» ACTIVITY
Go through the data below and transcribe it exactly. Omit the images.

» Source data
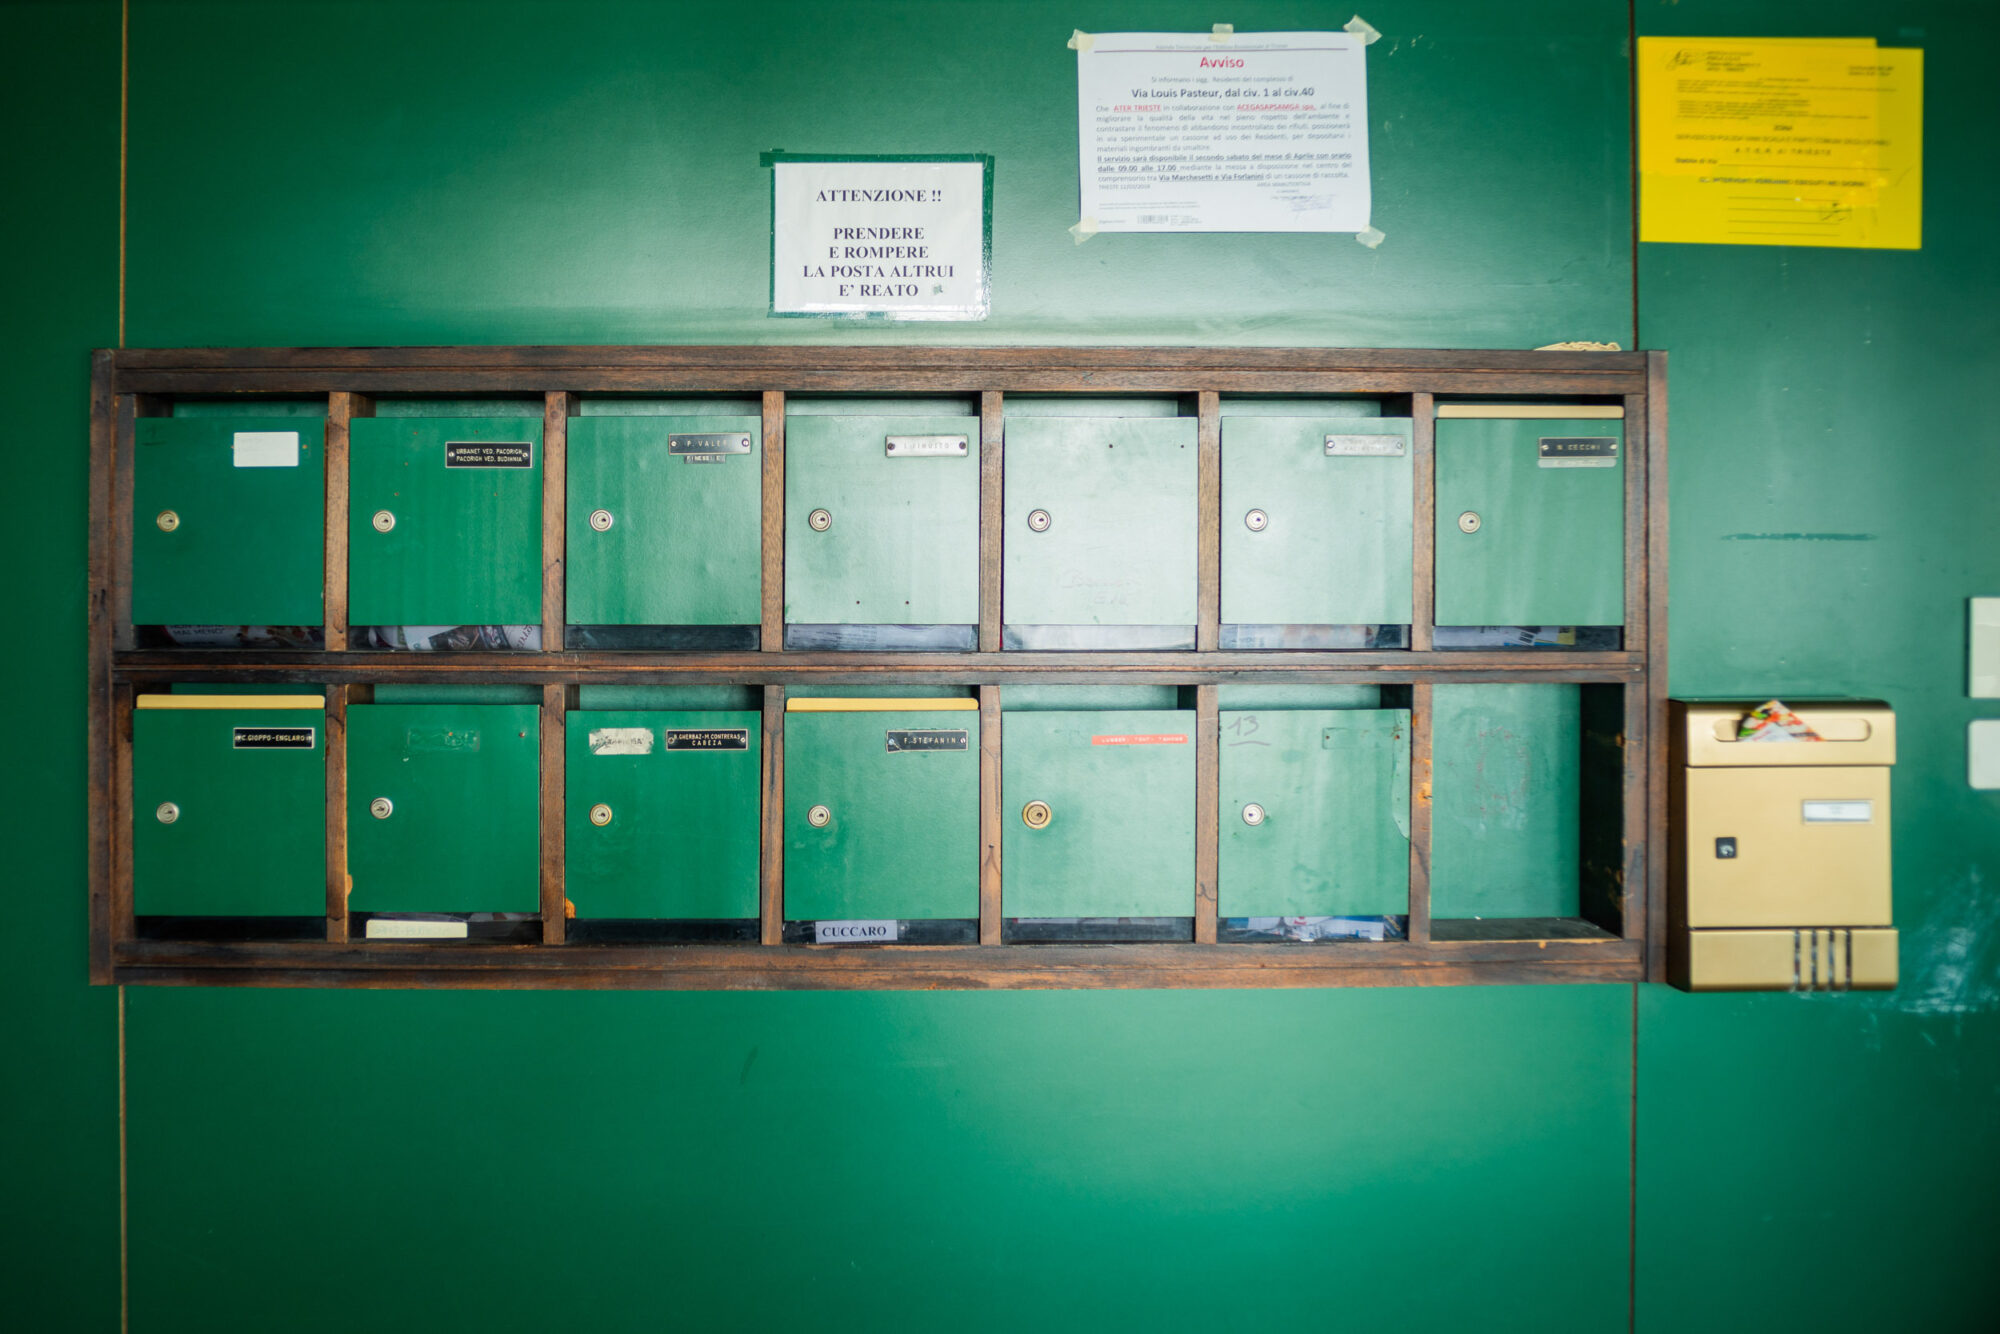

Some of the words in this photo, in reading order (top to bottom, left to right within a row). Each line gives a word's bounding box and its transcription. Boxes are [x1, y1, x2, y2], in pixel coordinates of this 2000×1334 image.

[1200, 55, 1244, 68] Avviso
[1132, 88, 1148, 98] Via
[1150, 88, 1178, 98] Louis
[1180, 88, 1222, 100] Pasteur,
[1224, 88, 1240, 98] dal
[1243, 88, 1260, 98] civ.
[1264, 88, 1269, 97] 1
[1272, 87, 1282, 97] al
[1284, 86, 1314, 96] civ.40
[1096, 104, 1109, 112] Che
[1172, 104, 1220, 112] collaborazione
[1133, 154, 1147, 162] sarà
[816, 190, 927, 202] ATTENZIONE
[932, 190, 942, 202] !!
[833, 227, 925, 240] PRENDERE
[829, 246, 839, 258] E
[844, 246, 929, 258] ROMPERE
[803, 265, 825, 278] LA
[830, 264, 885, 278] POSTA
[890, 264, 954, 278] ALTRUI
[860, 284, 919, 296] REATO
[1226, 715, 1260, 736] 13
[822, 926, 887, 937] CUCCARO

» EXERCISE SOLUTION
Some of the words in this photo, in reading order (top to bottom, left to right within a row). Each line gives a word's bounding box and its transcription. Boxes are [x1, y1, x2, y2], in pixel coordinates of this 2000×1334 image.

[1200, 55, 1244, 68] Avviso
[1132, 88, 1148, 98] Via
[1150, 88, 1178, 98] Louis
[1180, 88, 1222, 100] Pasteur,
[1224, 88, 1240, 98] dal
[1243, 88, 1260, 98] civ.
[1264, 88, 1269, 97] 1
[1272, 87, 1282, 97] al
[1284, 86, 1314, 96] civ.40
[1096, 104, 1109, 112] Che
[1172, 104, 1220, 112] collaborazione
[1133, 154, 1147, 162] sarà
[816, 190, 927, 202] ATTENZIONE
[932, 190, 942, 202] !!
[833, 227, 925, 240] PRENDERE
[829, 246, 839, 258] E
[844, 246, 929, 258] ROMPERE
[803, 265, 825, 278] LA
[830, 264, 885, 278] POSTA
[890, 264, 954, 278] ALTRUI
[860, 284, 919, 296] REATO
[1226, 715, 1260, 736] 13
[822, 926, 887, 937] CUCCARO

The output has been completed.